[aodvv2-discuss] Re: Metrics (removing references to alternate metric types)

  • From: Stan Ratliff <ratliffstan@xxxxxxxxx>
  • To: "aodvv2-discuss@xxxxxxxxxxxxx" <aodvv2-discuss@xxxxxxxxxxxxx>
  • Date: Thu, 1 Oct 2015 21:29:51 -0400

On Thu, Oct 1, 2015 at 6:41 PM, Charlie Perkins <
charles.perkins@xxxxxxxxxxxxx> wrote:

Hello John,

The size of AODVv2 protocol messages is definitely under the control of
AODVv2. Whether an implementation chooses to put more protocols on the box
is outside of the control of AODVv2.

Please do take a look at my discussion points which place relatively
"non-dangerous" bounds around the damage from misconfigured metrics.
Moreover, by eliminating the default, you are simply moving the
configuration parameters into application space. So, no gain.
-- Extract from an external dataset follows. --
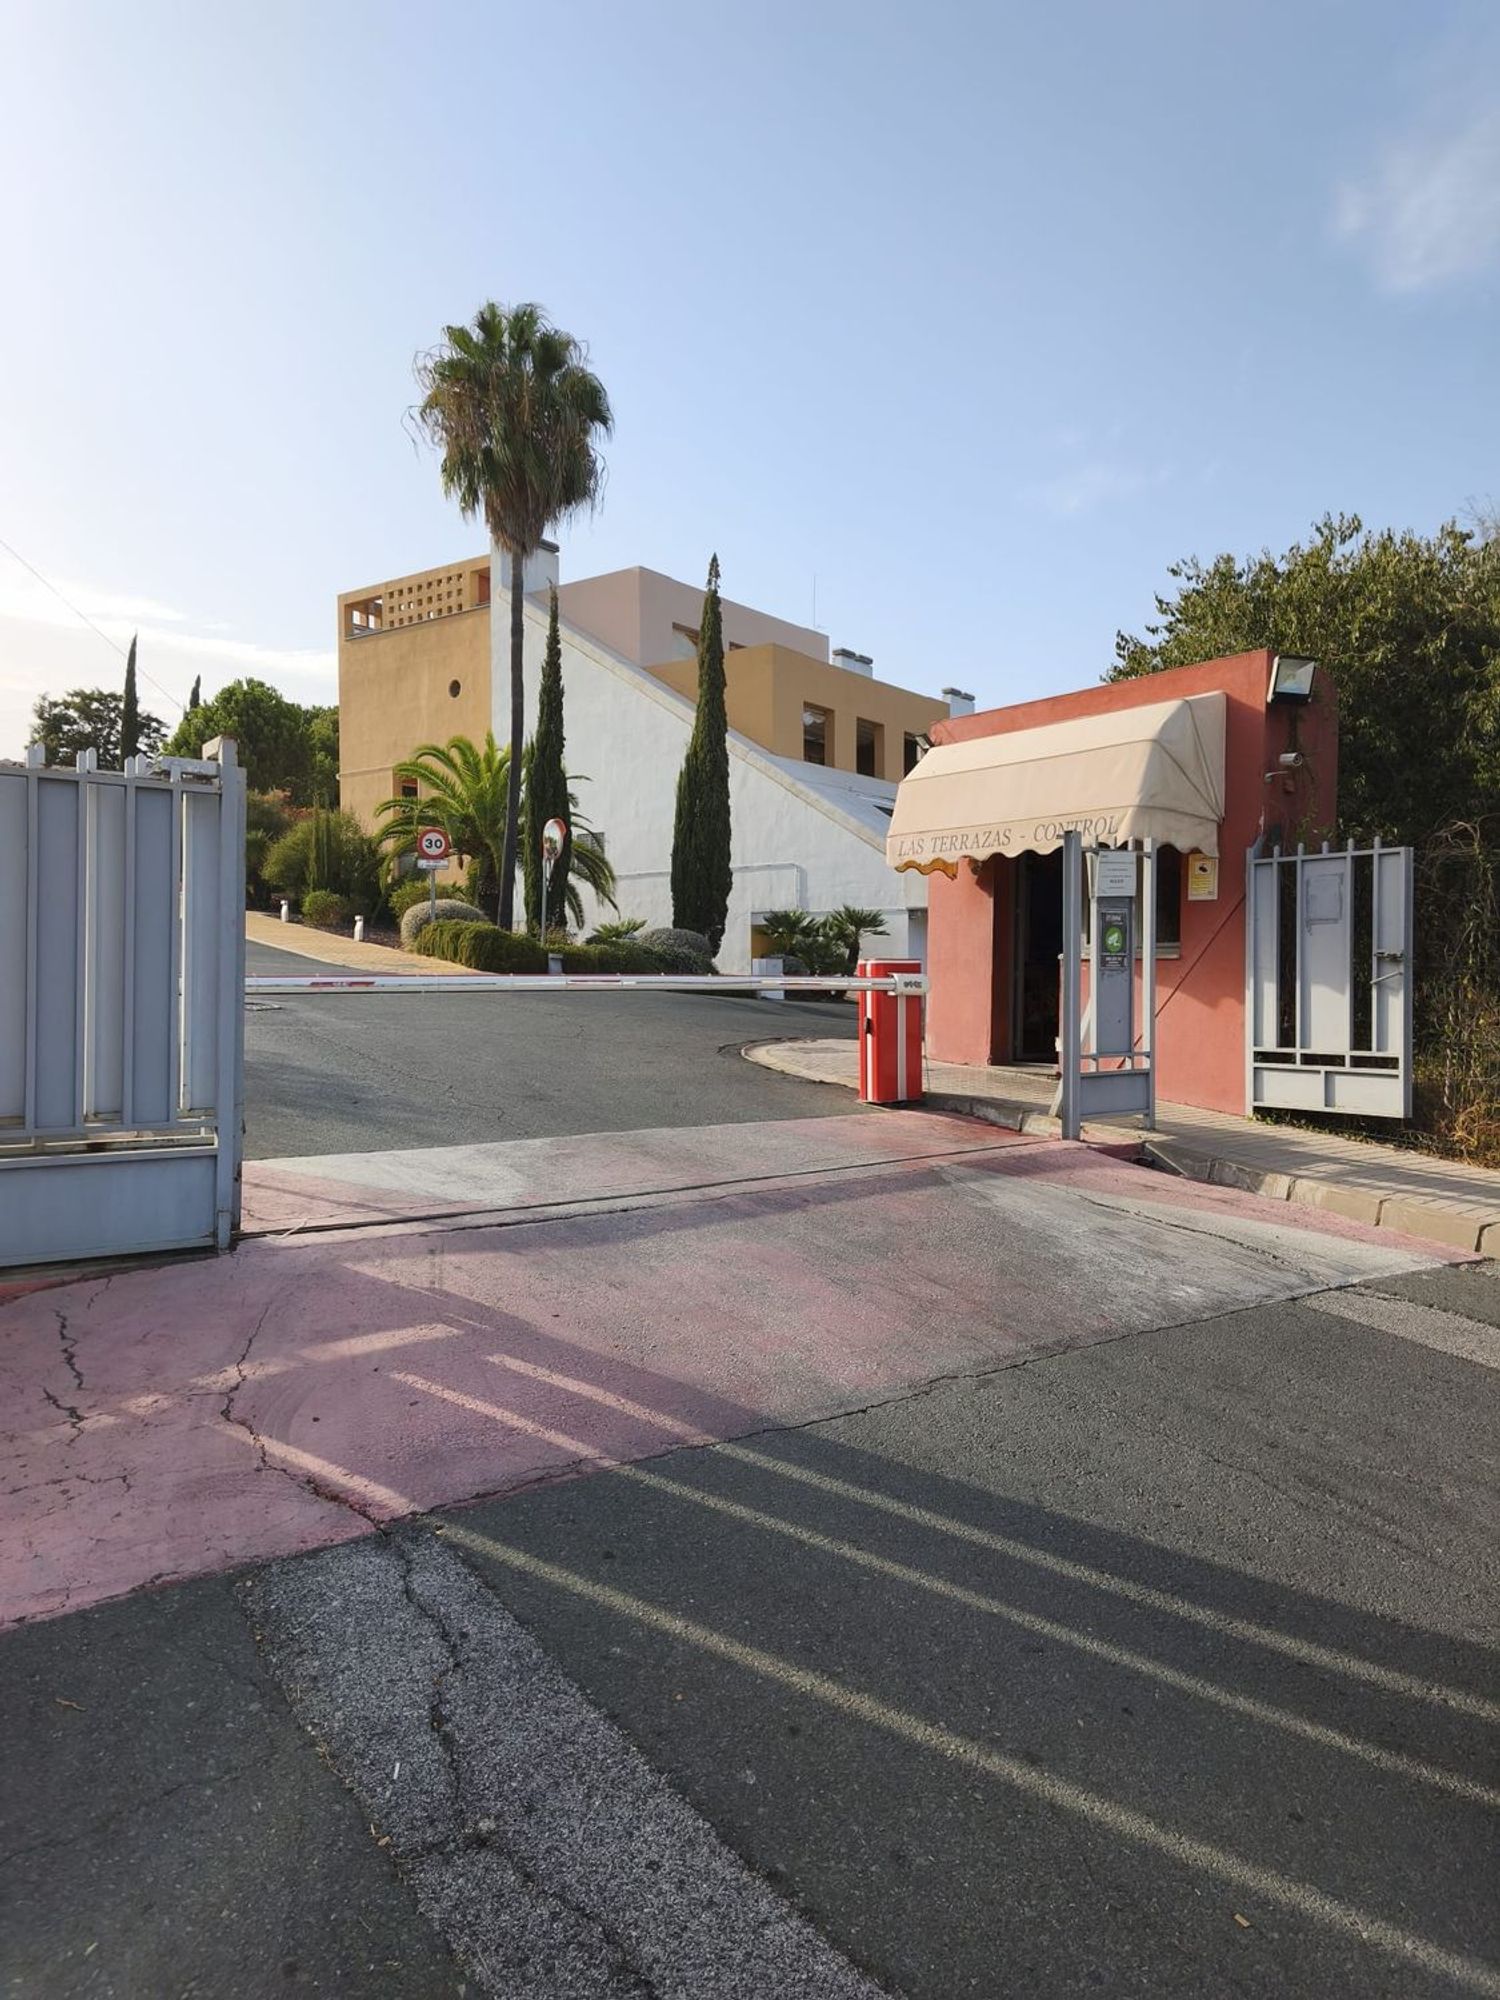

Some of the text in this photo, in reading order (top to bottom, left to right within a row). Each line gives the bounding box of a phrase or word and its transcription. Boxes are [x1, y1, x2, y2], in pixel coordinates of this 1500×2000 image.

[425, 838, 442, 849] 30
[898, 838, 924, 857] LAS
[930, 829, 1012, 854] TERRAZAS
I disagree as to your assessment of "no gain". The gain is that metrics
cannot be misinterpreted if they are explicitly declared. That is
self-evident.



There is no doubt that we care enough to make a good protocol. I don't
think that rushing through matters and overlooking discussion points is a
very good realization of that, however, when there isn't an external
impetus pushing us through it. Having a vote before understanding the
discussion points doesn't sound right to me, but obviously I am not in
charge.


So, let's take this to the MANET list. Since we're apparently "...rushing
through matters and overlooking discussion points...".

Stan





I am quite certain that the IESG has dealt with configuration parameters
many times in the past. Sorry if you think my observations are annoying.

Regards,
Charlie P.


On 10/1/2015 2:43 PM, John Dowdell wrote:

Hi all

The TL;DR version: option 1.

The slightly longer version:

I see we’re back to the clarity of messages versus saving bytes discussion
that I think we’ve had at least twice now over a number of months. My vote
is clear, please can we have clarity of messaging, principally because that
is the bit under the control of the draft. Sending bytes to the wire (or
ether) is not under the control of AODVv2, which is a discussion we’ve also
been round a few times now, mainly because RFC5444 is in the way, and there
could be (in theory at least) other protocols also co-habiting RFC5444
packets between nodes.

Assuming a default metric is, for the reasons that have been discussed,
dangerous, and, I believe, unlikely to pass muster with the IESG as a
performance/security/lack of specification nit. I work hard to make my own
manet products “switch on and go” so having to fiddle with
DEFAULT_METRIC_TYPE will not impress me, let alone my user community.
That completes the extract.